Other agencies have made arrangements to provide beds and food for workers if they need to live at treatment plants. Some are even calling back retired employees to bolster reserves. A survey of industry leaders by American Water Works Association found that nearly three-quarters of utilities expect to face challenges from absentee workers due to illness. Smaller water utilities, with just a few workers, are even more at risk if critical staff become unavailable.

But that’s not the only challenge.

With many industries, shops, restaurants and other businesses ground to a halt, water utilities now anticipate a precipitous decline in revenue, which will also reduce funds available for their already tight operating budgets. Zielonka says the National Association of Clean Water Agencies’ members are projecting losses ranging from 20% to 40%.

“These utilities are all publicly owned and they don’t have vast private resources in terms of stock buybacks or other things they can do to recoup this lost revenue,” says Nathan Gardner-Andrews, the general counsel and chief advocacy officer for the National Association of Clean Water Agencies. “They’re basically stuck.”

Drinking-water and wastewater services are usually billed based on the volume of water delivered — it’s revenue based on usage. But the costs for the industry — to maintain the infrastructure and keep treatment plants running — are fixed. When usage falls, costs remain the same, and the utility gets pinched.

The utilities are, of course, not the only ones being hit with economic losses. Some 17 million Americans have filed for unemployment in the past four weeks. For some families, that may mean an inability to pay their water bills. That’s more lost revenue for water agencies and a potential life-and-death health risk for residents if utilities enforce water shutoffs for delinquent payments.

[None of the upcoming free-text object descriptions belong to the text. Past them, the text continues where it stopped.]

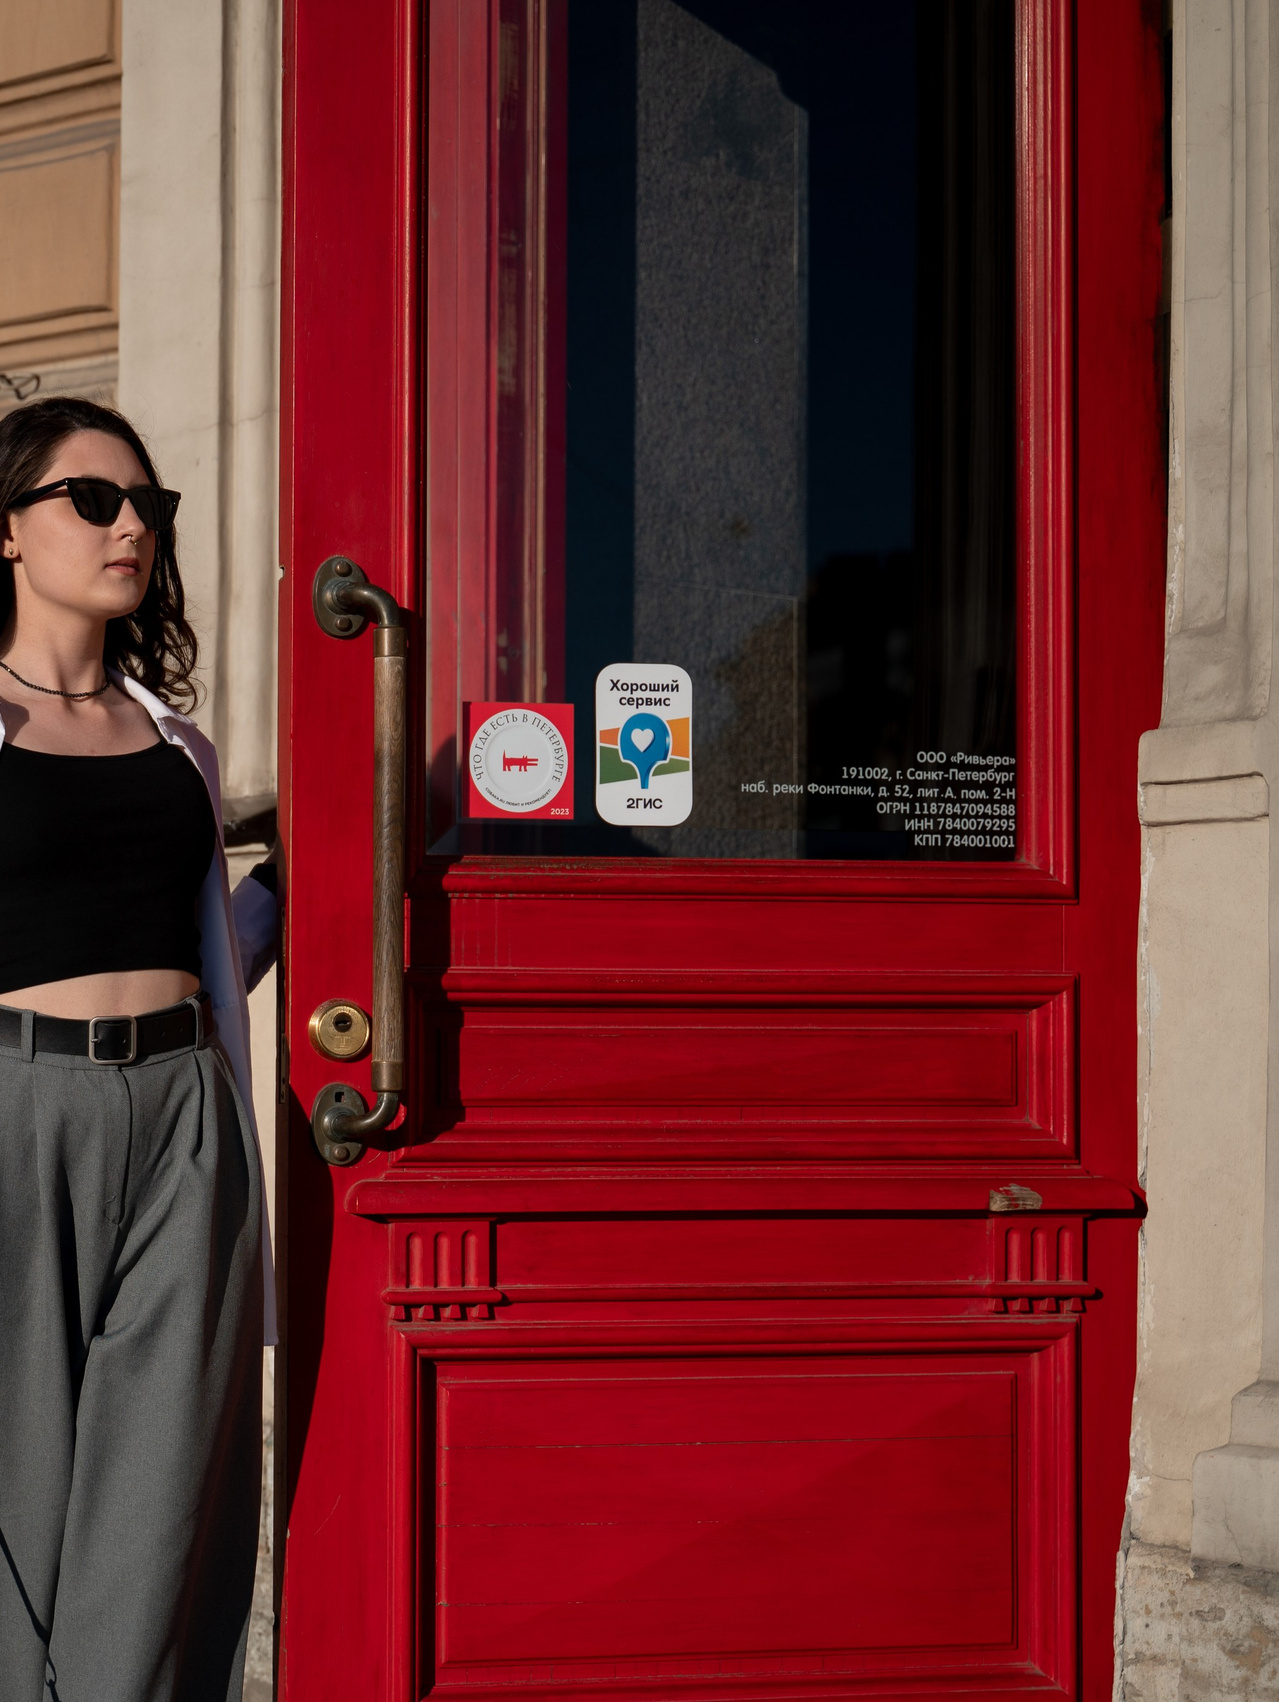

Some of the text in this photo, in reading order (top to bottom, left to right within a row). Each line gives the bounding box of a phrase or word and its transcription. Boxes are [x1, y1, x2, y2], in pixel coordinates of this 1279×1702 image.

[609, 679, 680, 695] Хороший
[618, 696, 671, 709] сервис
[472, 713, 565, 783] ЧТО ГДЕ ЕСТЬ В ПЕТЕРБУРГЕ
[916, 751, 1016, 769] ООО «Ривьера»
[842, 766, 1015, 784] 191002, г. Санкт-Петербург
[741, 780, 769, 793] наб.
[773, 783, 803, 796] реки
[807, 783, 875, 798] Фонтанки,
[878, 787, 890, 797] д.
[894, 785, 913, 798] 52,
[961, 788, 989, 800] пом.
[993, 787, 1016, 800] 2-Н
[626, 797, 663, 809] 2ГИС
[876, 802, 1016, 816] ОГРН 1187847094588
[550, 808, 570, 816] 2023
[905, 817, 1016, 831] ИНН 7840079295
[914, 834, 1015, 848] КПП 784001001

Some utilities, like the New Orleans Sewerage and Water Board, have chosen not to shut off water connections in light of the pandemic. At least 12 states have mandated that shutoffs cease during the health emergency, and the governors of California, Michigan, Ohio and Wisconsin have ordered that water service be restored to those without it. But there’s no federal order, and it’s likely that millions of Americans are still at risk of losing service because of dire financial straits.

Longstanding Problems

This shouldn’t come as a surprise.

An “affordability gap” has been growing in America’s water system over the past two decades, says Gardner-Andrews.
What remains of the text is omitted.